Exercise input:

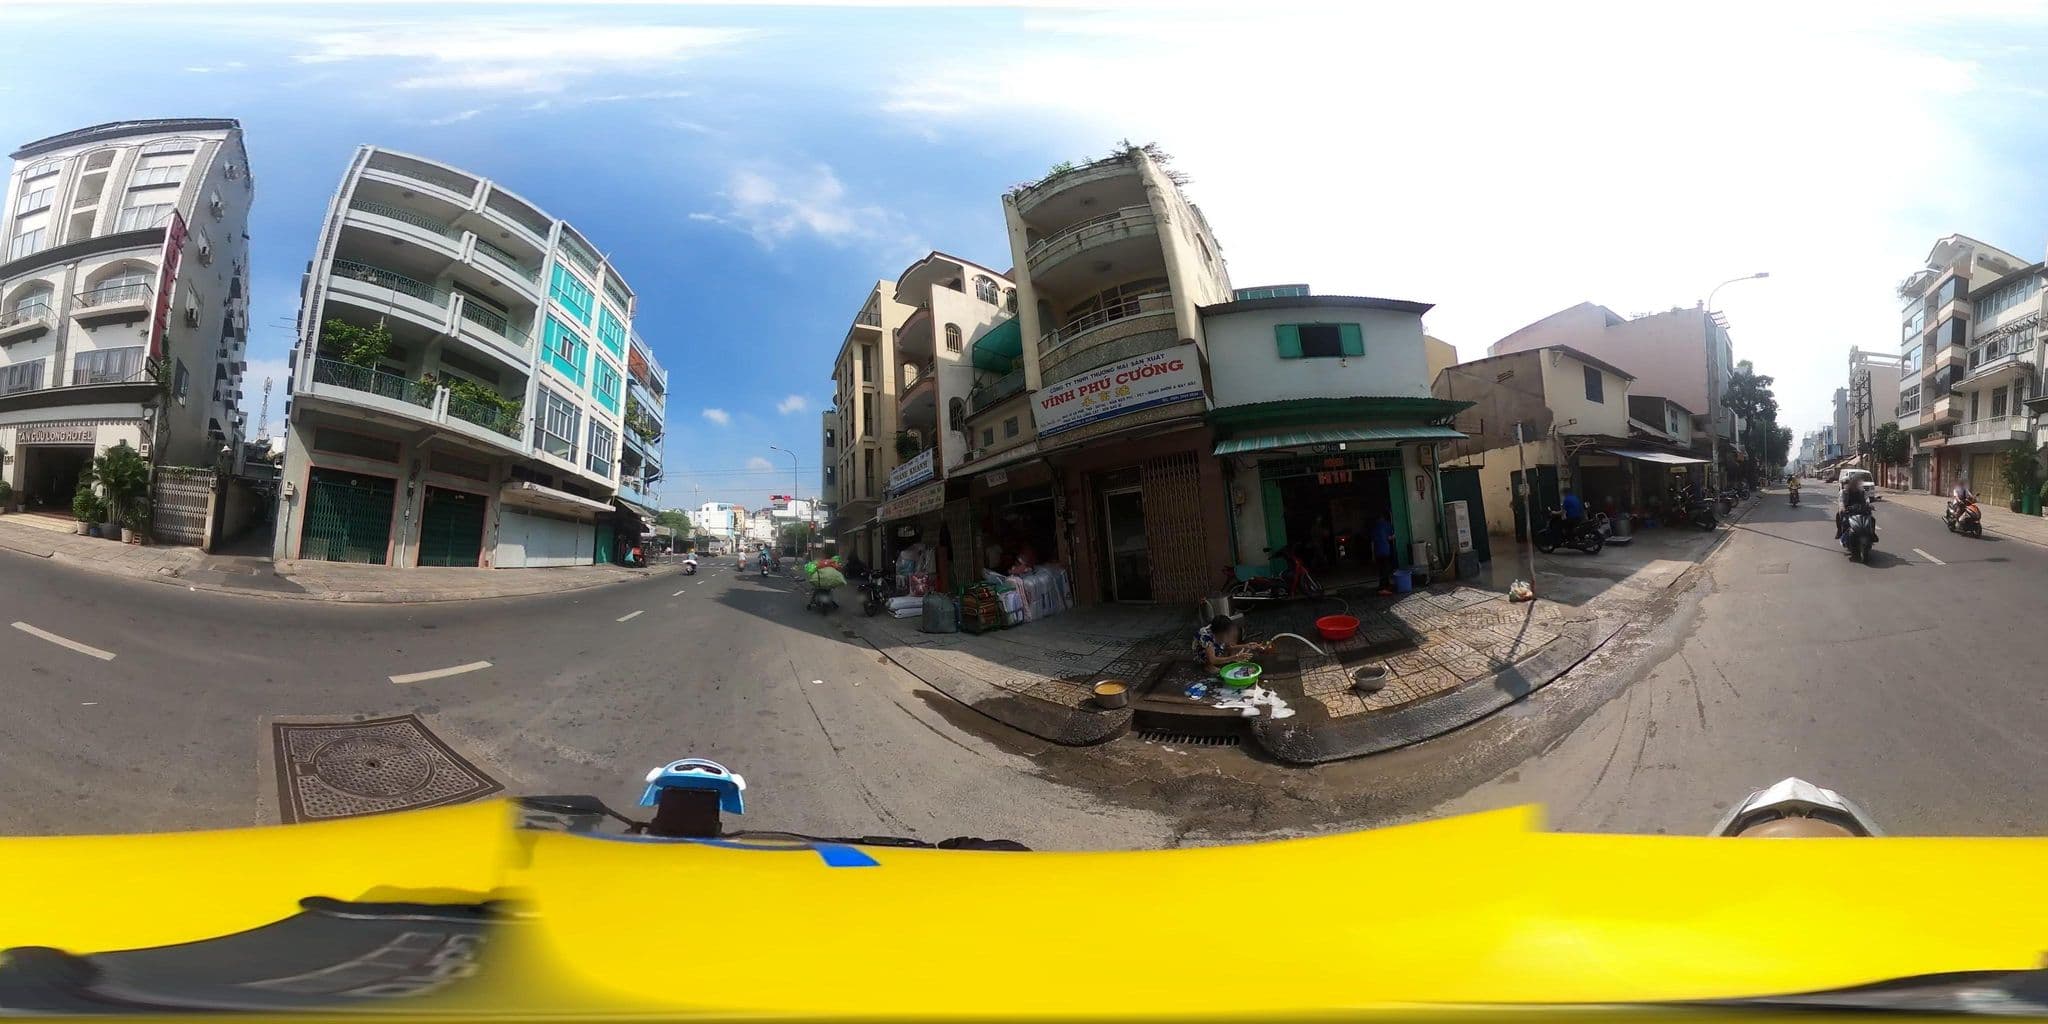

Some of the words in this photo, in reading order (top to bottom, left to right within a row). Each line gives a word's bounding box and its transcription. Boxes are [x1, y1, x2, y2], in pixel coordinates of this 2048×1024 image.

[1079, 375, 1111, 396] PHÚ
[1116, 359, 1184, 385] CƯỜNG
[45, 431, 66, 440] LONG
[67, 430, 93, 440] HOTEL
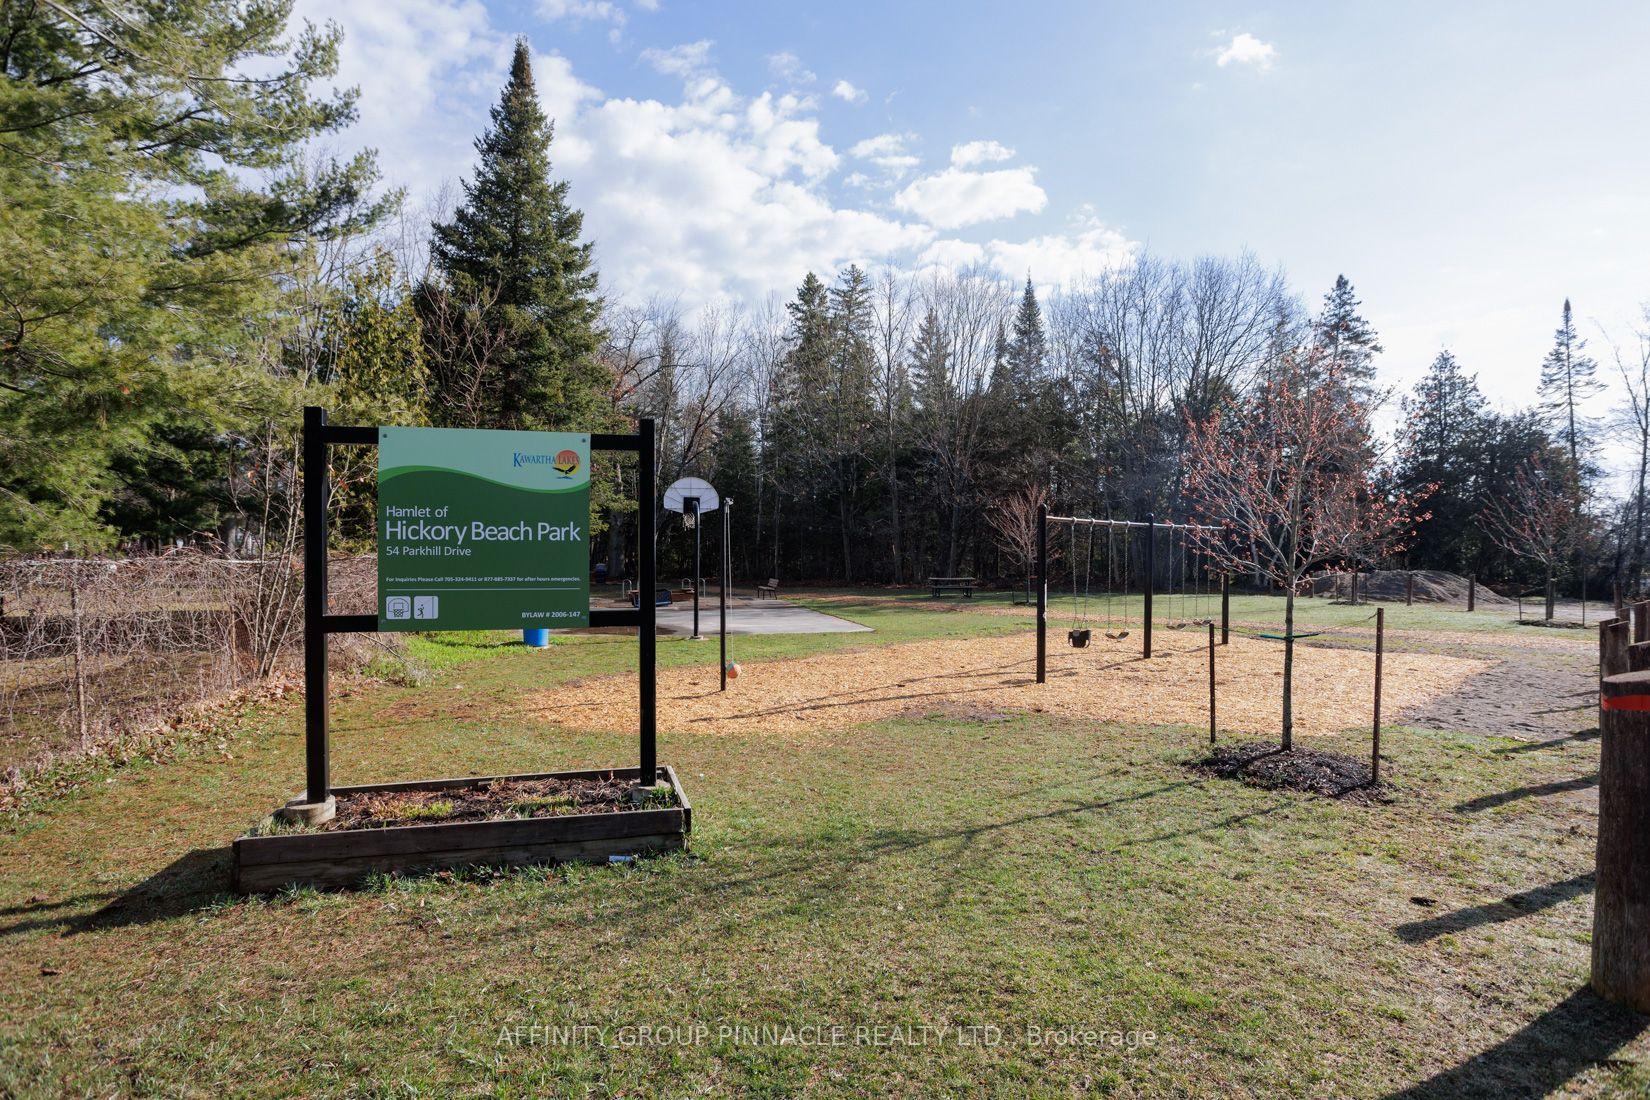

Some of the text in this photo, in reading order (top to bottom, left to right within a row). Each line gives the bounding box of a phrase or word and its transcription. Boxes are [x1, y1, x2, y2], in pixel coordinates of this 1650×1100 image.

[513, 453, 556, 467] KAWARTHA
[386, 506, 449, 517] Hamlet of
[386, 520, 581, 545] Hickory Beach Park
[386, 546, 472, 556] 54 Parkhill Drive
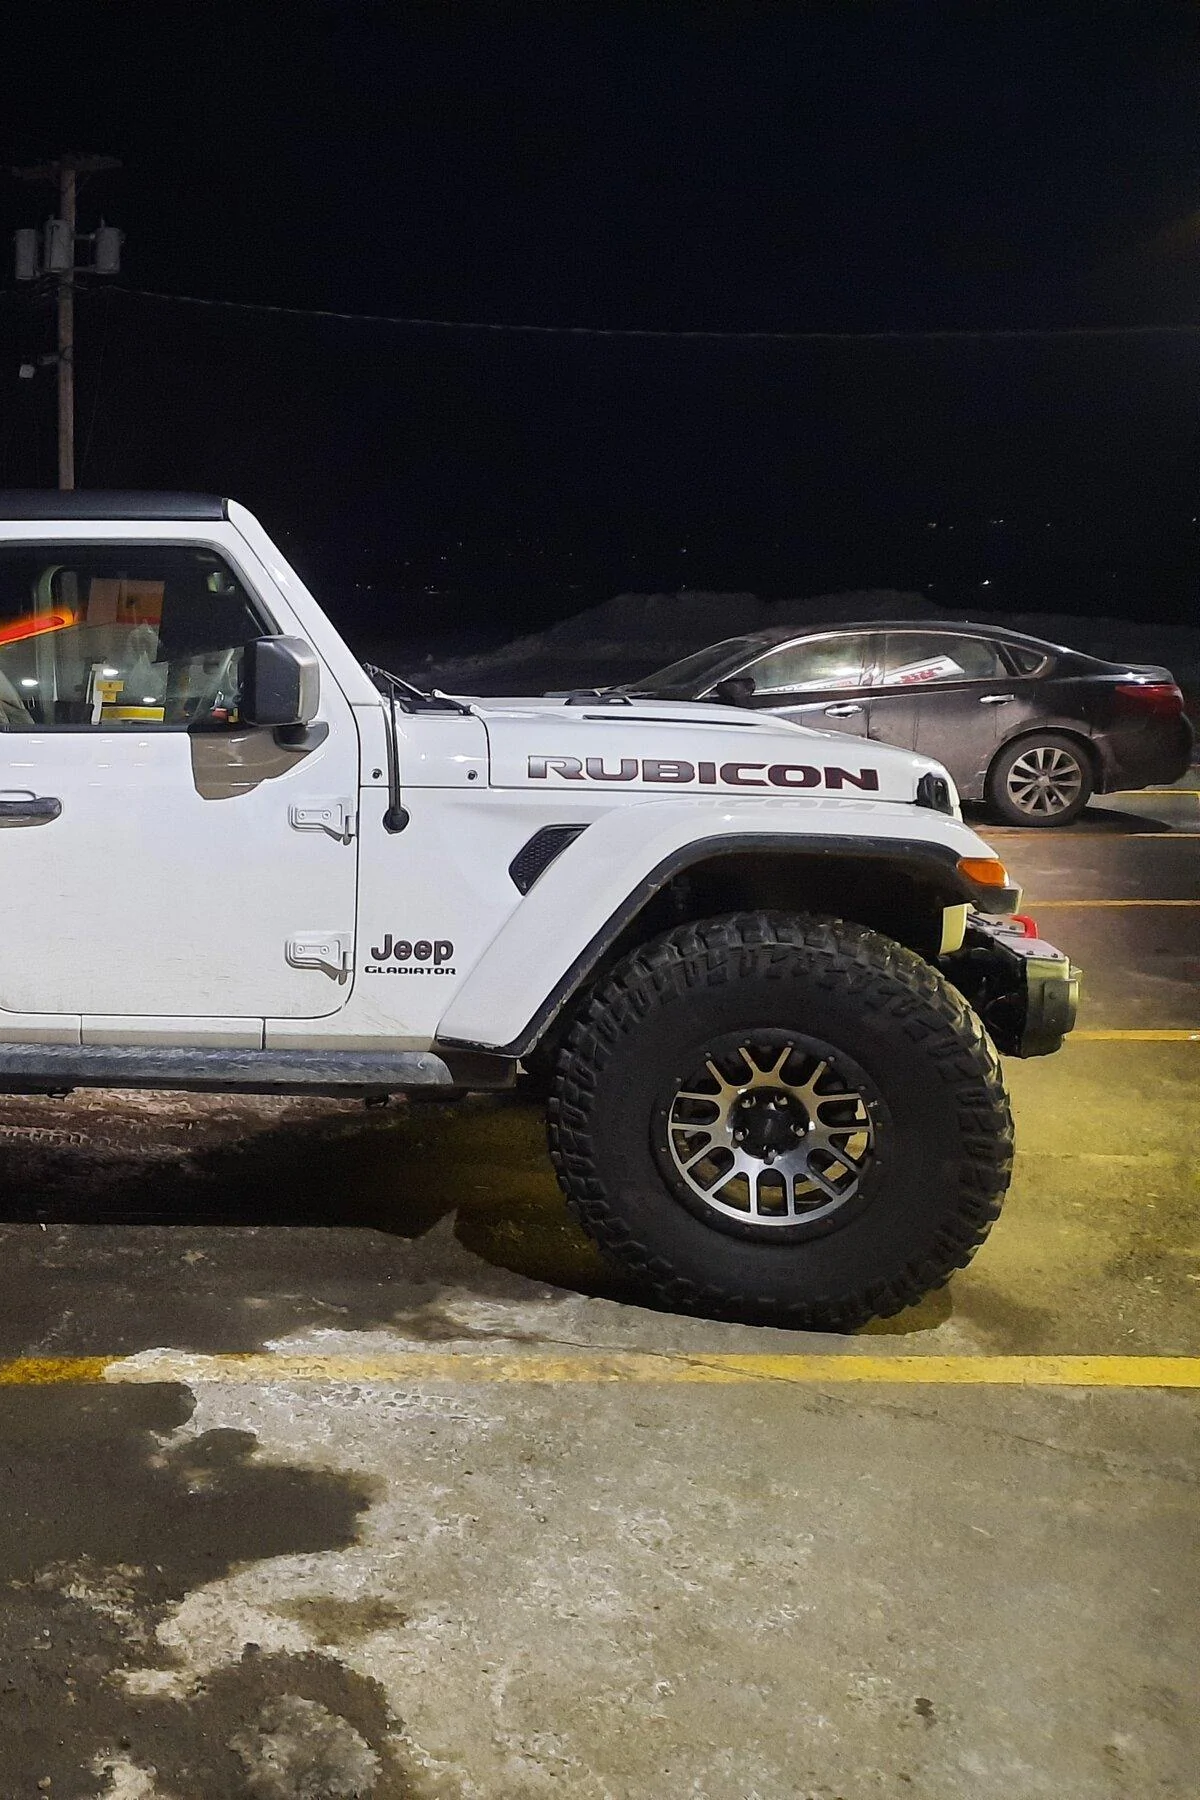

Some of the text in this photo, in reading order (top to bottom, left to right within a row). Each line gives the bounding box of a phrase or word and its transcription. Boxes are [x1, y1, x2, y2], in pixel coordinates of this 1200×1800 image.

[528, 755, 879, 791] RUBICON
[371, 934, 454, 965] Jeep
[364, 965, 456, 975] GLADIATOR
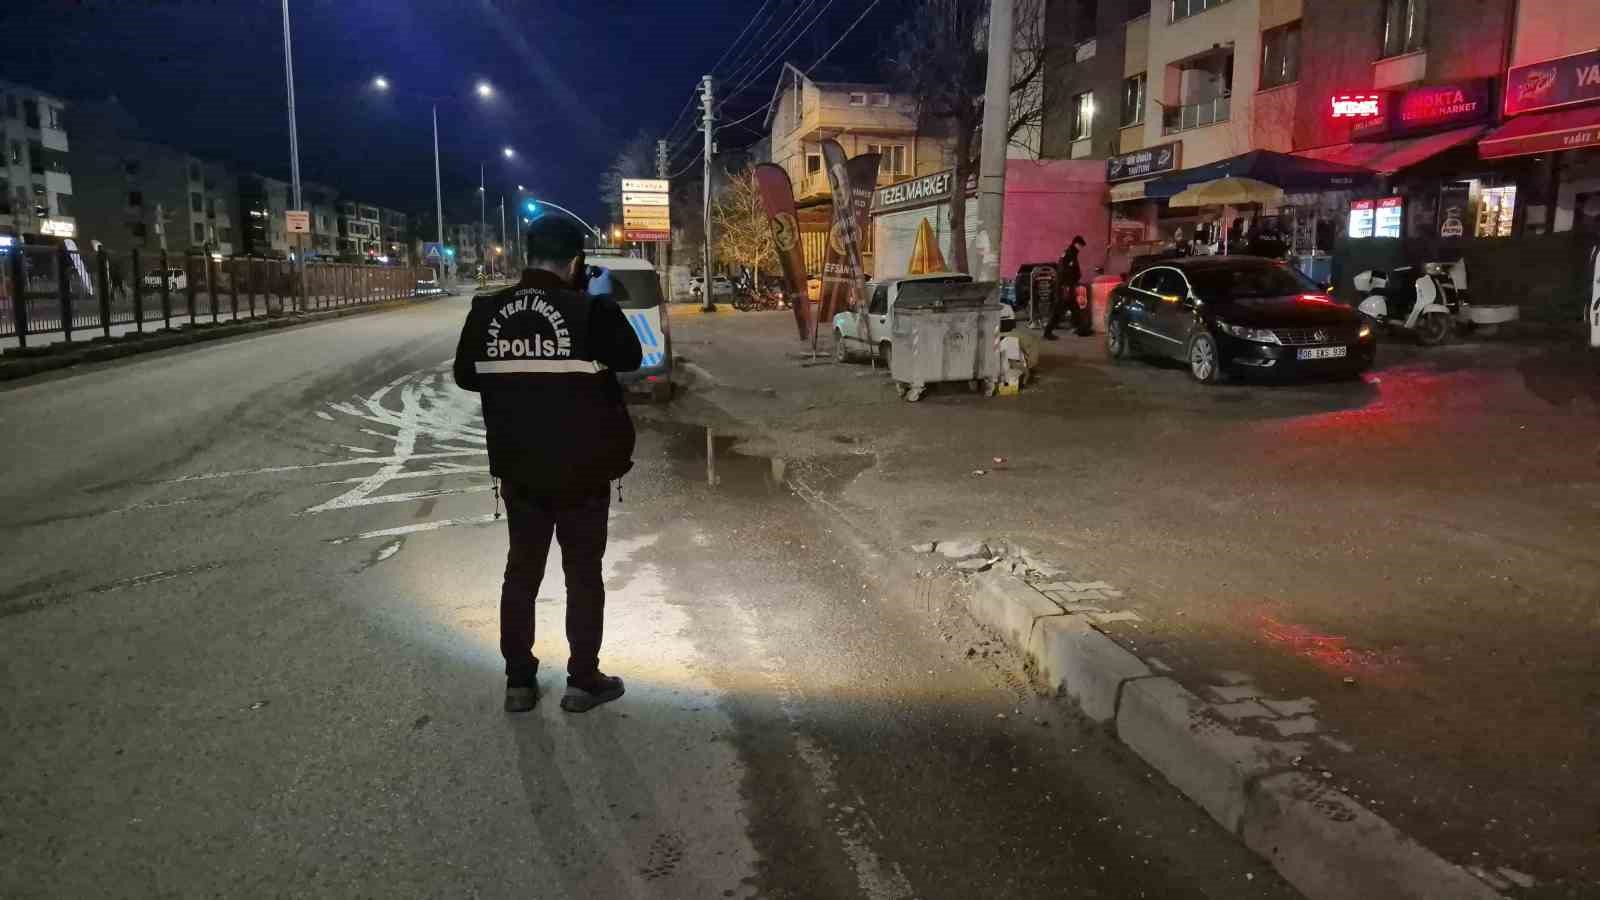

Problem details:
Only the pictures are to be excluded; all other parts of the records above are to be given exactly.

Solution to the exercise:
Some of the words in this photo, in reading order (top to bottom, left to right within a row). Each line gives a word's bounding box and its transcription. Boxes are [x1, y1, x2, y2], in pixel coordinates of this 2048×1024 image.

[1079, 375, 1111, 396] PHÚ
[1116, 359, 1184, 385] CƯỜNG
[45, 431, 66, 440] LONG
[67, 430, 93, 440] HOTEL

Some of the text in this photo, in reading order (top to bottom, left to right within a row). Each line gives the bounding box of a phrase or word and its transcription. Boxes are [x1, y1, x2, y2], in pixel coordinates of this 1650×1100 image.

[513, 453, 556, 467] KAWARTHA
[386, 506, 449, 517] Hamlet of
[386, 520, 581, 545] Hickory Beach Park
[386, 546, 472, 556] 54 Parkhill Drive

Some of the text in this photo, in reading order (top to bottom, left to right within a row). Each line gives the bounding box of a phrase or word and its transcription. Boxes are [x1, y1, x2, y2], in pixel coordinates of this 1200×1800 image.

[528, 755, 879, 791] RUBICON
[371, 934, 454, 965] Jeep
[364, 965, 456, 975] GLADIATOR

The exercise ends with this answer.